Irregularity - Where Do You Stand?


I invite you to conduct your own mini survey into the delicate subject of irregularity.

No, not the affliction arising from our western diet, interesting and prevalent though that may be.  But irregularity as it concerns verbs – and one in particular: text.

You sent a text message on your mobile phone last night.  You want to tell someone.  Would you say: “I texted Maximilian last night”?  Or “I text Maximilian last night”?

Easy.  Texted, say English language purists.  After all, the way to form a simple past tense is just to add an edText, long in use as a noun, is a relatively new coinage as a verb and as such it is likely to follow the rules.  But my contention is this: those purists might write “texted”, but they are likely to say “text”.  When caught red-handed and challenged, they’ll explain it’s simply a matter of having swallowed the ending because they were speaking quickly, and that the ed was there.  Honest. 

And yet, no such swallowing tends to occur when we say tested or suggested.  It’s likely the extra effort in pronouncing the x just before the t in text creates the difficulty, a sound that does not slide out of the mouth as easily as the st in test.  (Take care when trying this unaided at home.)  We hesitate over that xt sound, and possibly then can’t be bothered to expend the extra energy required to articulate an ed as well.  

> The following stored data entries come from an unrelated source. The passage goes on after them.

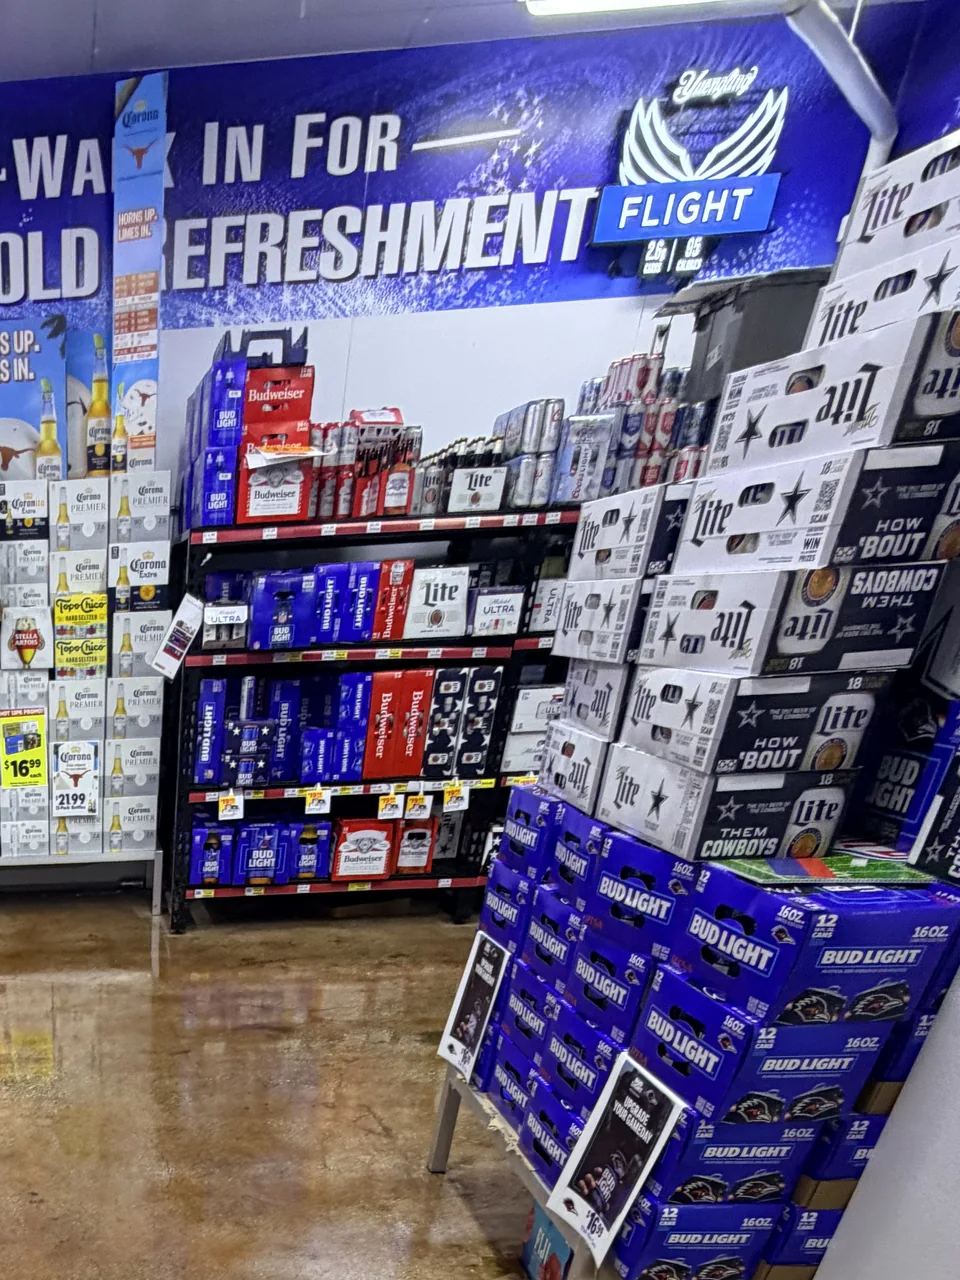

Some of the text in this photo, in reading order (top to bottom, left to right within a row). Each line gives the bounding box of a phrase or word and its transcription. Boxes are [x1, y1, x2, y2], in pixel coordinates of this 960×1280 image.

[203, 122, 265, 186] IN
[291, 112, 402, 180] FOR
[619, 188, 754, 229] FLIGHT
[857, 182, 915, 244] Lite
[161, 188, 598, 292] EFRESHMENT
[14, 330, 41, 354] UP.
[13, 361, 34, 382] IN.
[248, 388, 305, 402] Budweiser
[815, 362, 884, 426] Lite
[219, 410, 236, 420] BUD
[467, 473, 492, 491] Lite
[132, 495, 169, 506] PREMIER
[209, 492, 227, 501] BUD
[253, 489, 296, 500] Budweiser
[70, 502, 107, 513] PREMIER
[690, 498, 733, 548] Lite
[809, 513, 829, 525] SCAN
[874, 517, 924, 533] HOW
[803, 536, 821, 550] WIN
[857, 532, 926, 559] 'BOUT
[70, 572, 106, 582] PREMIER
[850, 568, 939, 595] COWBOYS
[422, 581, 459, 607] Lite
[56, 599, 107, 612] Topo Chico
[542, 587, 558, 625] ULTRA
[861, 594, 915, 609] THEM
[382, 585, 399, 639] Budweiser
[482, 603, 515, 615] ULTRA
[210, 614, 242, 624] ULTRA
[14, 632, 40, 640] STELLA
[14, 638, 39, 647] ARTOIS
[56, 641, 107, 655] Topo Chico
[846, 676, 863, 691] 18
[69, 700, 103, 709] PREMIER
[127, 697, 161, 707] PREMIER
[375, 692, 393, 759] Budweiser
[404, 690, 424, 757] Budweiser
[815, 705, 869, 737] Lite
[753, 735, 800, 749] HOW
[60, 752, 91, 764] Corona
[739, 749, 803, 771] 'BOUT
[819, 773, 834, 786] 18
[792, 798, 841, 827] Lite
[720, 826, 769, 838] THEM
[252, 849, 274, 859] BUD
[699, 837, 779, 859] COWBOYS
[248, 857, 277, 868] LIGHT
[343, 855, 384, 863] Budweiser
[777, 905, 806, 925] 16OZ.
[816, 914, 839, 928] 12
[811, 930, 833, 939] CANS
[912, 925, 949, 939] 16OZ.
[690, 914, 774, 973] BUD LIGHT
[821, 949, 922, 965] BUD LIGHT
[723, 1014, 746, 1037] 16OZ.
[758, 1027, 778, 1040] 12
[646, 1009, 720, 1075] BUD LIGHT
[754, 1041, 774, 1050] CANS
[844, 1036, 880, 1049] 16OZ.
[762, 1056, 854, 1072] BUD LIGHT
[623, 1095, 651, 1126] UPGRADE
[611, 1100, 654, 1145] YOUR GAMEDAY
[851, 1120, 870, 1132] 12
[781, 1128, 815, 1139] 16OZ.
[661, 1207, 679, 1218] 12
[800, 1211, 818, 1222] 12
[741, 1217, 773, 1228] 16OZ.

Over time, the tendency of the language is to regularise verbs, e.g. strive strove striven to increasing uses of strive strived strived, or dream dreamt dreamt to dream dreamed dreamed.  But text appears to be bucking that trend, and is an aspiring bedfellow in the sub-group of verbs that do not change their past tense or past participle and whose endings already have a past tense feel, verbs such as cast, cost and burst (the st endings) or put, set, hit (the t endings) or bid, rid, spread (the d endings).  Text may therefore one day find itself in grammar books nestled alphabetically amongst all the irregular elite:

         …teach              taught             taught
tear                 tore                 torn
tell                   told                 told
text                text                text
think               thought          thought…

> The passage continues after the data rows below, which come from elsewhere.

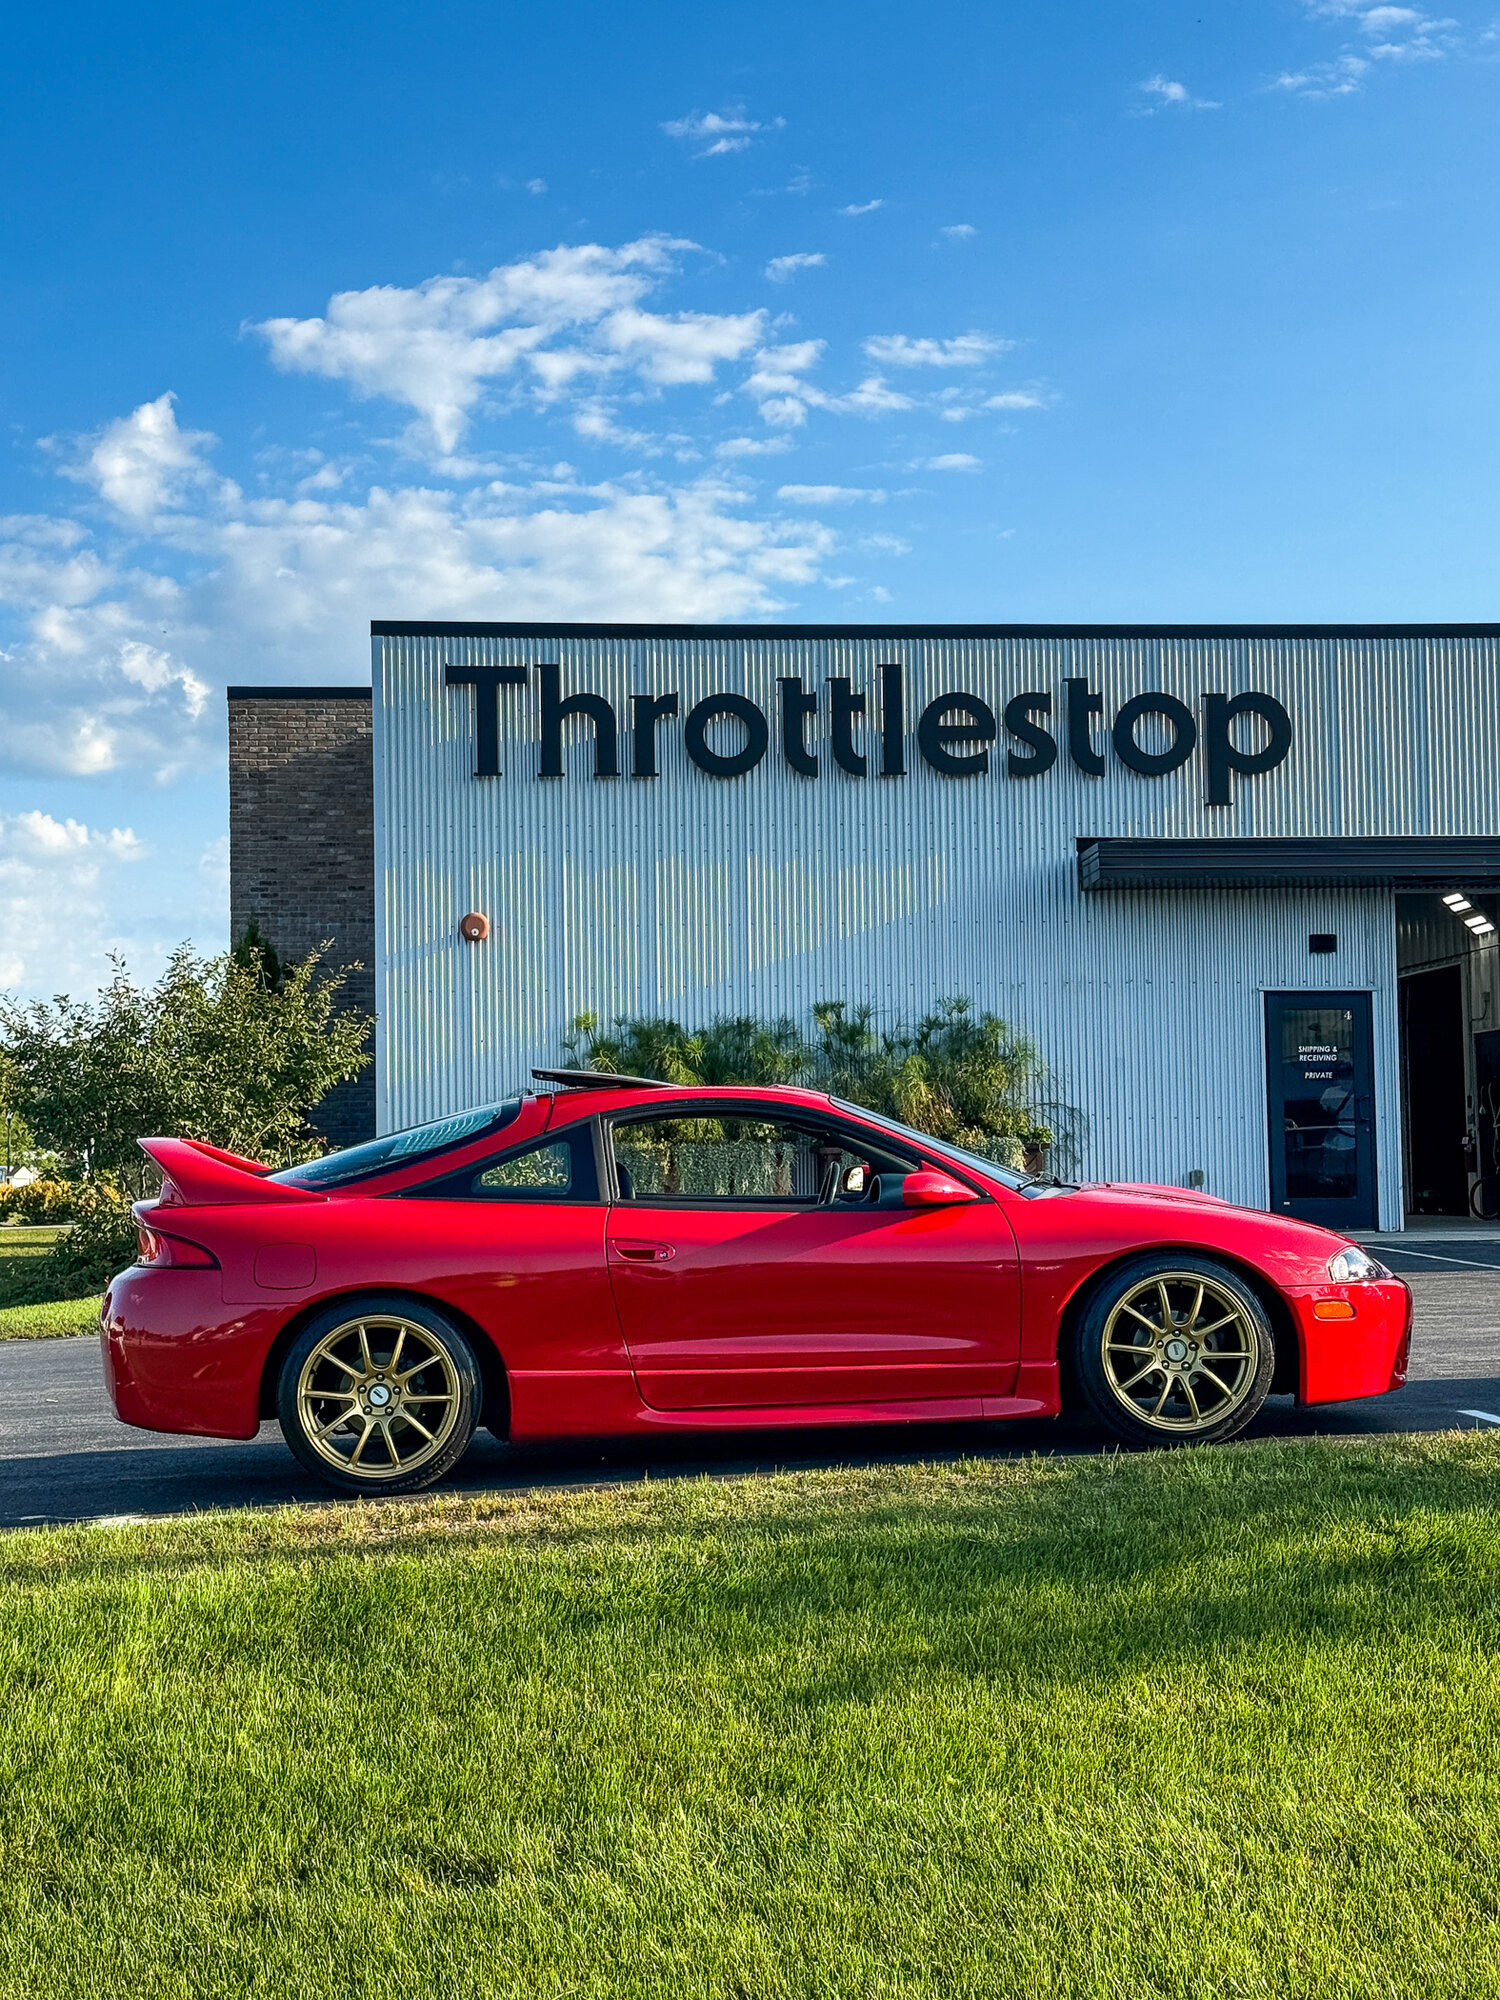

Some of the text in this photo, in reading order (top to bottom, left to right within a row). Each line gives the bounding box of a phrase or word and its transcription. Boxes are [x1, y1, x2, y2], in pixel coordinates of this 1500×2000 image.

[445, 663, 1292, 807] Throttlestop
[1343, 1010, 1352, 1020] 4
[1298, 1045, 1338, 1053] SHIPPING &
[1299, 1054, 1338, 1062] RECEIVING
[1304, 1071, 1333, 1079] PRIVATE

For my money, irregular verbs are part of the music of our language, the pleasing sound change that gives us sleep slept slept rather than sleep sleeped sleeped.  That leads North Americans to say dive dove dove, rather than the ho-hum British dive dived dived.   That entices any creative person to choose sneak snuck snuck over the less juicy sneak sneaked sneaked.  Such words behave according to their Germanic bloodlines (send a postcard if you want the complete lecture on the Ablaut, the Rückumlaut and the Great Vowel Shift) demonstrated in the delightful sound alterations occurring in modern-day German cousins, such as blasen bläst blies geblasen (to blow) or fliegen fliegt flog geflogen (to fly).       

So listen hard next time your friends are speaking and need to use the verb text in the past tense.  My bet is that they’ll thumb their nose at conformity.  My bet is that they’ll sign up for irregularity.  My bet is that they won’t stick on an ed.

 No irregular verbs were harmed in the writing of this blog.